Research from the University of Ottawa in Canada, published in the March Journal of the American Medical Informatics Assn., found a significant risk of inadvertent exposure of personal health information for those who use peer-to-peer file-sharing networks, such as those used to share music. While such instances are uncommon, they result in tens of thousands of breached files, according to the study. The authors said the breach often comes from patients but physician offices also have been culpable.

Peer-to-peer file-sharing software opens up files to others in an online network, allowing other members to download files from computers in that network. The software generally has configurations that make only selected files available to others. But many times a misunderstanding of how a file-sharing program works or a misconfiguration of the program inadvertently opens up personal files to the network, according to the study's authors.

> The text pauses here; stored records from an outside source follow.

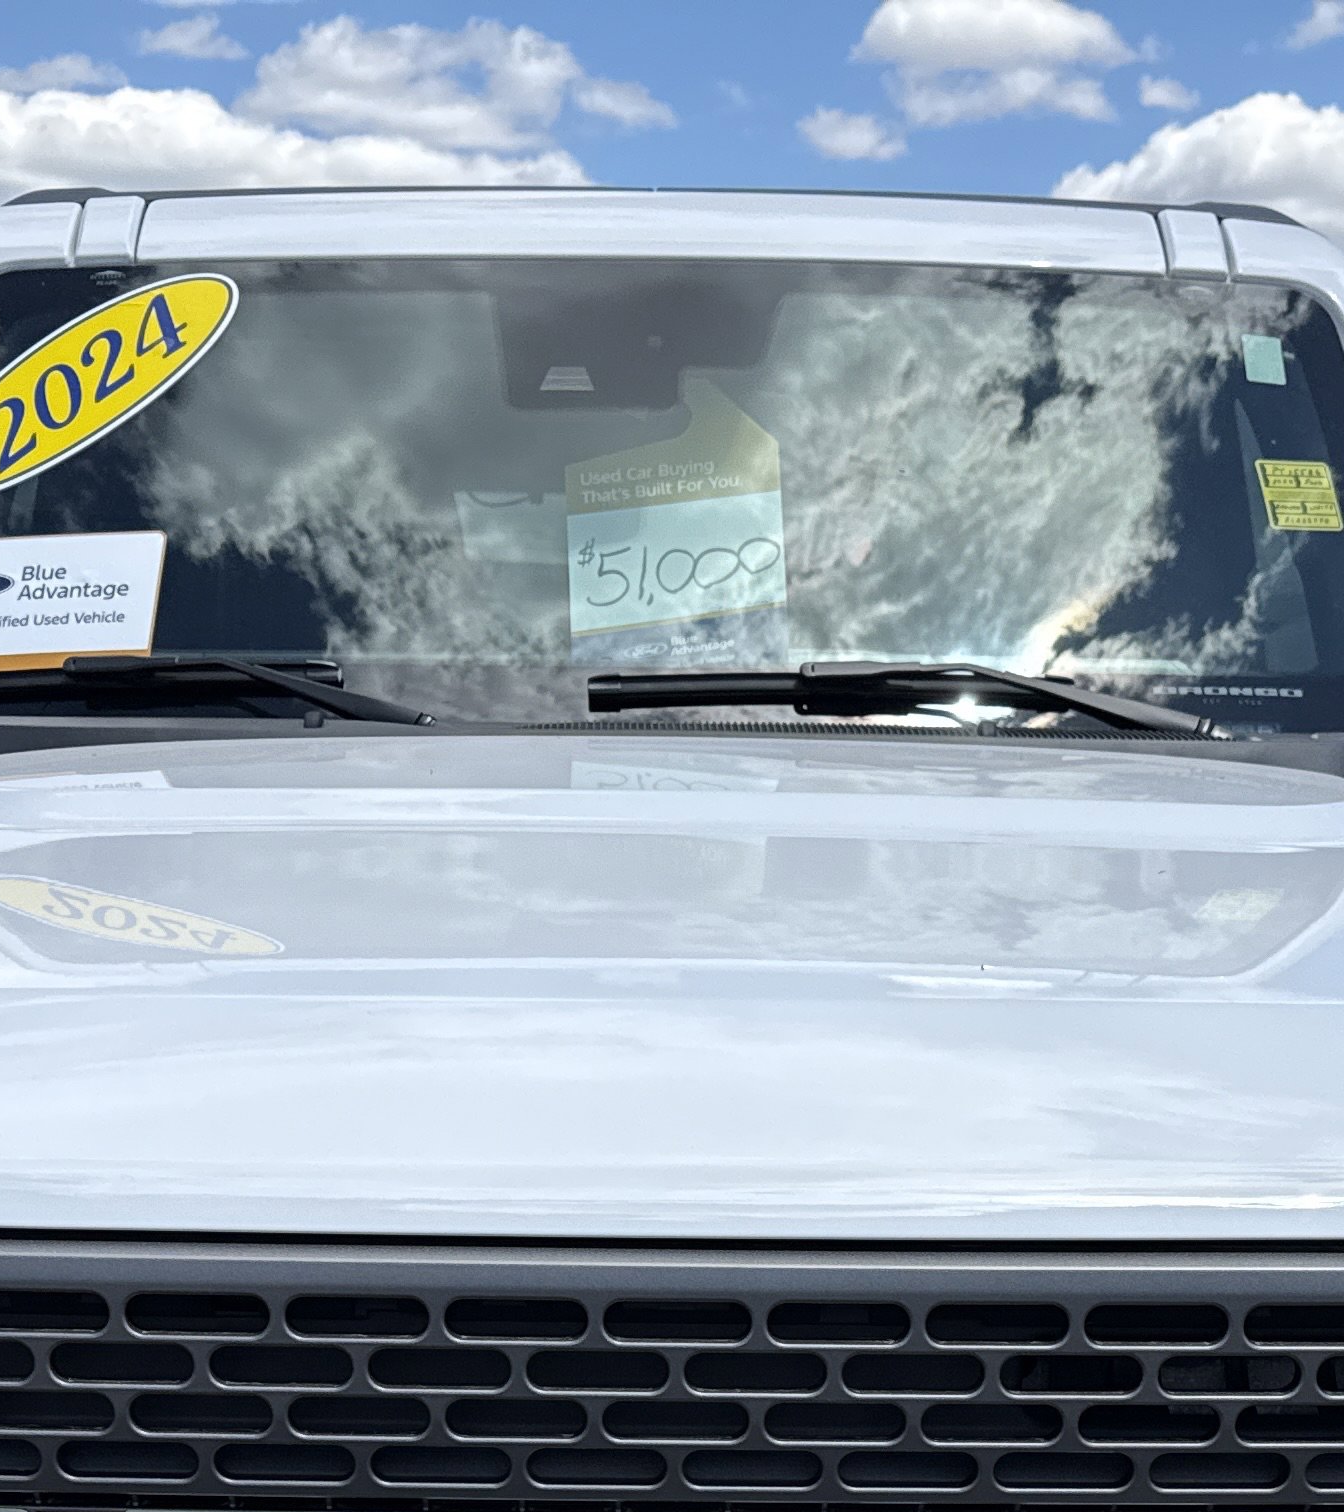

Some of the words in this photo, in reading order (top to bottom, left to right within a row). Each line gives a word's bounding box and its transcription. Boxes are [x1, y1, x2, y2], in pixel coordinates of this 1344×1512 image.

[580, 470, 621, 487] Used
[626, 466, 654, 482] Car
[658, 460, 715, 479] Buying
[581, 487, 630, 504] That's
[636, 481, 672, 498] Built
[678, 479, 703, 493] For
[21, 564, 67, 582] Blue
[578, 537, 781, 607] $51,000
[17, 581, 129, 601] Advantage
[34, 612, 70, 627] Used
[74, 610, 125, 625] Vehicle

The authors said such misunderstandings have occurred by users using file-sharing sites on the same computers used to store patient data.

The file-sharing programs were designed so users could share music and multimedia files. Files are found by searching for file types, such as MP3s, and a search term, such as a song title or a musician's name. For this study, researchers performed an automated search across various peer-to-peer networks for non-multimedia files, including Word documents, Outlook e-mail files, PDF files, Access database files and Excel spreadsheets.

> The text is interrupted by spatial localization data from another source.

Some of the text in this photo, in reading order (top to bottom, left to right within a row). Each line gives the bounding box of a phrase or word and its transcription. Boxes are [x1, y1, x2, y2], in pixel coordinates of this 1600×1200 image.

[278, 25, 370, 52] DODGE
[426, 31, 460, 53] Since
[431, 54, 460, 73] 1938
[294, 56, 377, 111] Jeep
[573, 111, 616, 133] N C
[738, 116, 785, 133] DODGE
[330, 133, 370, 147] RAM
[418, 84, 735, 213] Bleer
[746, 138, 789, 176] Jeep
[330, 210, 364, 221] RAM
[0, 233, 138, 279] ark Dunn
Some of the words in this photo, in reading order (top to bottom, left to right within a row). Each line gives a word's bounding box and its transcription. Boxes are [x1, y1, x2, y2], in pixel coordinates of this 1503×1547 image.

The query found that 0.4% of all Canadian IP addresses and 0.5% of all U.S. IP addresses exposed personal health information. Considering the millions of people who use file-sharing applications, this percentage represents tens of thousands of IP addresses exposing personal health information in Canada and the U.S., the study concluded.

Some of the data researchers exposed included several documents pertaining to an injury a U.S. soldier sustained before he began a post at Guantanamo Bay. Another was a teenager's medical form that included drug and medical history, a health insurance number and the teen's contact information. Other medical documents and medical leave requests also were found.

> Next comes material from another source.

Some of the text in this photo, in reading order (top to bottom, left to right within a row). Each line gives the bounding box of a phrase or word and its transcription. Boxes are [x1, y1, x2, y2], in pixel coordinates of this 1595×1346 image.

Lead author Khaled El Emam, PhD, an associate professor at the University of Ottawa, said much of the data found in researching the paper most likely would have come from patients. But there is evidence that physician practices also are exposing patient data in the same manner.

Researchers also found that identity thieves and scammers already are wise to the breach risk and are using query terms such as "medical form" or "tax return" to phish for private information. Financial information is at greater risk than health information, the study found, with 1.7% of all Canadian IP addresses and 4.7% of all U.S. IP addresses exposing financial information on peer-to-peer networks.

A study of the music-sharing program Kazaa was conducted by Hewlett-Packard's HP Labs in 2002. Similar to El Emam's study, it found that a misunderstanding of how the program worked resulted in the exposure of thousands of files containing personal information. The authors of that study suggested that to control this exposure of data, programmers need to design the software to allow the exchange of only multimedia files.

El Emam said many of the file-sharing programs developed in the United States have been made more secure in recent years because of tight security standards. He recommends that users, even those outside the United States, use only American-made products for this reason.

"There is still some discussion about how much they have moved in that direction [of security] and whether that is enough, but at least they are moving," El Emam said.

Edward Shortliffe, MD, PhD, president of the American Medical Informatics Assn., said physicians should take those protections one step further and not use -- or allow their staff to use -- peer-to-peer file-sharing services on computers used for patient care information.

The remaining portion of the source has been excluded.